Join Keys Relationships

There are 2 types of relationships encoded with joining keys that are described in the following sections. The primary and foreign keys are created explicitly using the constructor for individual keys (join_key).

Additionally, the join_keys object infers implicit relationships when two datasets share foreign keys to a parent dataset, but not between themselves. These implicit relationships are available just like another foreign key and can be used to merge datasets, despite not being defined by the user.
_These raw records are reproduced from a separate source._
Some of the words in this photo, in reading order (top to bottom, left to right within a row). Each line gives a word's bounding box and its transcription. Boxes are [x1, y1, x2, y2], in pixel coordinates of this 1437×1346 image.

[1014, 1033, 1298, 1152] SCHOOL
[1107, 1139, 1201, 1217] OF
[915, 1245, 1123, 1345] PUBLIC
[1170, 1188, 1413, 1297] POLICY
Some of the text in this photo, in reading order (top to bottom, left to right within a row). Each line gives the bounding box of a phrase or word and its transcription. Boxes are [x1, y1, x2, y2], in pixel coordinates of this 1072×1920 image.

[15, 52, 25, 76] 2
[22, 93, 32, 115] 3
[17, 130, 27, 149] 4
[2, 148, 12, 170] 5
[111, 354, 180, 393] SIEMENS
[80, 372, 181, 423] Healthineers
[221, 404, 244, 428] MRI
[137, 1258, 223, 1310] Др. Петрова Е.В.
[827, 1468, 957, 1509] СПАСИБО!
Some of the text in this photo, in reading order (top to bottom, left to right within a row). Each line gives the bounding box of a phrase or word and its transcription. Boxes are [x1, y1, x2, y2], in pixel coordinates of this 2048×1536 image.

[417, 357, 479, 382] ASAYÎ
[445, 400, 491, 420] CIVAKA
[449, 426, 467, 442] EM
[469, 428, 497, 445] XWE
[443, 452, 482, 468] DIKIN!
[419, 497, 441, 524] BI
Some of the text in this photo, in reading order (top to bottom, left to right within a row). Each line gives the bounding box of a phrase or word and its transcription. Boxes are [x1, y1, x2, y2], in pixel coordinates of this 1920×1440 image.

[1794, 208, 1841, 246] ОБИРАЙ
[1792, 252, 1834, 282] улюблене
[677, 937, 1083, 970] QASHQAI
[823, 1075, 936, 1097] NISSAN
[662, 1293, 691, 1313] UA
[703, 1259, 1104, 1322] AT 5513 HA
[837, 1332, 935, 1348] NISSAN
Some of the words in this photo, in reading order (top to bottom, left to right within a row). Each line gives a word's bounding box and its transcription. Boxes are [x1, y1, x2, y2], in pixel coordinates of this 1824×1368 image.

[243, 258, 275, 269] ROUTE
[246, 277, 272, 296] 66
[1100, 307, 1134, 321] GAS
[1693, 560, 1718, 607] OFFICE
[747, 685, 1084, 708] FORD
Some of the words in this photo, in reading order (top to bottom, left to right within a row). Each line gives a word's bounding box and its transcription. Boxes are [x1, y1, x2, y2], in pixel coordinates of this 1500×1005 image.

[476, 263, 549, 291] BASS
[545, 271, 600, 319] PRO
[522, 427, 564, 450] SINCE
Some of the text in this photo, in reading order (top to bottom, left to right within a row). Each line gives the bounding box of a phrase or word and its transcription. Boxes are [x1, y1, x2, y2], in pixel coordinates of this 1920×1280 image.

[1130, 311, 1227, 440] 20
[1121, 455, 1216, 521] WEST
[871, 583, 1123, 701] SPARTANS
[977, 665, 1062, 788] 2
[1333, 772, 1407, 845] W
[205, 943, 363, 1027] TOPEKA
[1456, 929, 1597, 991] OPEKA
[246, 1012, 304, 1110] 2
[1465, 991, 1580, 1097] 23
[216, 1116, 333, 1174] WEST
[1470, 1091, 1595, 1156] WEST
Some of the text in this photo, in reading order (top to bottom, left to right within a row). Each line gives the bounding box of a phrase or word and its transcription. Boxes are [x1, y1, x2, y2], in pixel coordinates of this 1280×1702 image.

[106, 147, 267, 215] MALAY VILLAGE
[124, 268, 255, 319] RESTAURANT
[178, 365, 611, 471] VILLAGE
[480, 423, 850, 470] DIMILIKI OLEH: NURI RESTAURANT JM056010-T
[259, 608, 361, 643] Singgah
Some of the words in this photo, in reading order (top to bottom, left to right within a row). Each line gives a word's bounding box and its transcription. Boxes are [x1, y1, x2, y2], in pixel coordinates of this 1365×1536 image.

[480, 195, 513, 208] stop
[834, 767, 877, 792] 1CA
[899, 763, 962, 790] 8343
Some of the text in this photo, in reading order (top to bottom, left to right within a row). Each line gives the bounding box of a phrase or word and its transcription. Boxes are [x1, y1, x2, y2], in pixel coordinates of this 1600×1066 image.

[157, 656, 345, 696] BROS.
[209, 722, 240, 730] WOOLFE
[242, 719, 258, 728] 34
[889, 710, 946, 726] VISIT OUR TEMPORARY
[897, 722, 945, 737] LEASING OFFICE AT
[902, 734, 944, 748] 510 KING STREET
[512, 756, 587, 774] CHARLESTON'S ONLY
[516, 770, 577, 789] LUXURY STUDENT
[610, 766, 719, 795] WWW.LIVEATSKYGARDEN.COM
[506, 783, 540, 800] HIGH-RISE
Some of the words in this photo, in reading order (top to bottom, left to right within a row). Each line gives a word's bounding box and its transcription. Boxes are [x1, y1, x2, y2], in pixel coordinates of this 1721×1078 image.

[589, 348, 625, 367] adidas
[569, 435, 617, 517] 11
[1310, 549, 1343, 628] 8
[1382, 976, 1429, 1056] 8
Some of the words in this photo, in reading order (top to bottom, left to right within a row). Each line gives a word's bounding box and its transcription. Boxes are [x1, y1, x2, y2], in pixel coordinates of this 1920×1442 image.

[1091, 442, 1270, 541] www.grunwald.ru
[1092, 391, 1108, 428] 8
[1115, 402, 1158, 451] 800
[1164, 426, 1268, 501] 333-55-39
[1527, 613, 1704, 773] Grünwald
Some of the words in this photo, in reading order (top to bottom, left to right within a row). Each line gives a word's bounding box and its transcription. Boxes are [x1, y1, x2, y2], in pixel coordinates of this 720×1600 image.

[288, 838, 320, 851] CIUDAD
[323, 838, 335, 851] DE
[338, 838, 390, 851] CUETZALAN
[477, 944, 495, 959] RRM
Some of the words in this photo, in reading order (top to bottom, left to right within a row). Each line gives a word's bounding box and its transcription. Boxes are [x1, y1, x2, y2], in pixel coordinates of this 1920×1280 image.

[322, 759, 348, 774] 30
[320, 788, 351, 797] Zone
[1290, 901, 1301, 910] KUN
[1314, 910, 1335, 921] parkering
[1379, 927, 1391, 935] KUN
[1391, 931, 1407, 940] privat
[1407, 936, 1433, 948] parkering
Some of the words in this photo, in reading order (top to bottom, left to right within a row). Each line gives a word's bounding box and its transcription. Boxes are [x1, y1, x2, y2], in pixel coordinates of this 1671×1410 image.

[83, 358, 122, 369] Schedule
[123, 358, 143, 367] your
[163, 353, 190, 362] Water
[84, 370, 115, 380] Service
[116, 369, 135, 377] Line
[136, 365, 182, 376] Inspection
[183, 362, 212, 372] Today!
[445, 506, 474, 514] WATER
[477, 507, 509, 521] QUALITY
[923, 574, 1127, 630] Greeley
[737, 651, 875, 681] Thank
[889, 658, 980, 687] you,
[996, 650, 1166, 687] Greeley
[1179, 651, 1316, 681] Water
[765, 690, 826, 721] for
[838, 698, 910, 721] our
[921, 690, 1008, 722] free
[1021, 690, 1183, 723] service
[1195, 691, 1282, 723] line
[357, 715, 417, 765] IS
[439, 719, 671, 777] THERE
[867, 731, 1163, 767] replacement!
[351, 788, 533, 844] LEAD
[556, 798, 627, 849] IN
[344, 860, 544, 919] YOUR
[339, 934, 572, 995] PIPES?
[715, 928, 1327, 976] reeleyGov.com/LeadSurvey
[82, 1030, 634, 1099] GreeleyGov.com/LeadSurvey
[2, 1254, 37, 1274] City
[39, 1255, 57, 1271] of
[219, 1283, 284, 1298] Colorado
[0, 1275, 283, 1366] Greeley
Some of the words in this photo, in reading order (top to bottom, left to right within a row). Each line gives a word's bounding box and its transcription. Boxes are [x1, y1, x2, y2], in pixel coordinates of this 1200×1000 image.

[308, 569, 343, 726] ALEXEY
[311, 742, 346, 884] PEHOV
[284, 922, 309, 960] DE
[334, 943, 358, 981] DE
Primary Key with teal_data

When using the teal_data function, the simplest method to define the join keys is to use the join_keys argument. We can specify the column(s) of the dataset that (together) uniquely identify rows in the dataset.

library(teal.data)

td_pk <- within(
  teal_data(),
  ds1 <- transform(iris, id = seq_len(nrow(iris)))
)
datanames(td_pk) <- "ds1"

join_keys(td_pk) <- join_keys(join_key("ds1", keys = "id"))

join_keys(td_pk)
## A join_keys object containing foreign keys between 1 datasets:
## ds1: [id]

We can extend the previous example and define primary keys for multiple datasets:

td_pk <- within(
  td_pk,
  {
    ds2 <- data.frame(W = 10:1, V = 5:14, M = rep(1:5, 2))
    ds3 <- data.frame(V = 5:14, N = 4)
  }
)
datanames(td_pk) <- c(datanames(td_pk), "ds2", "ds3")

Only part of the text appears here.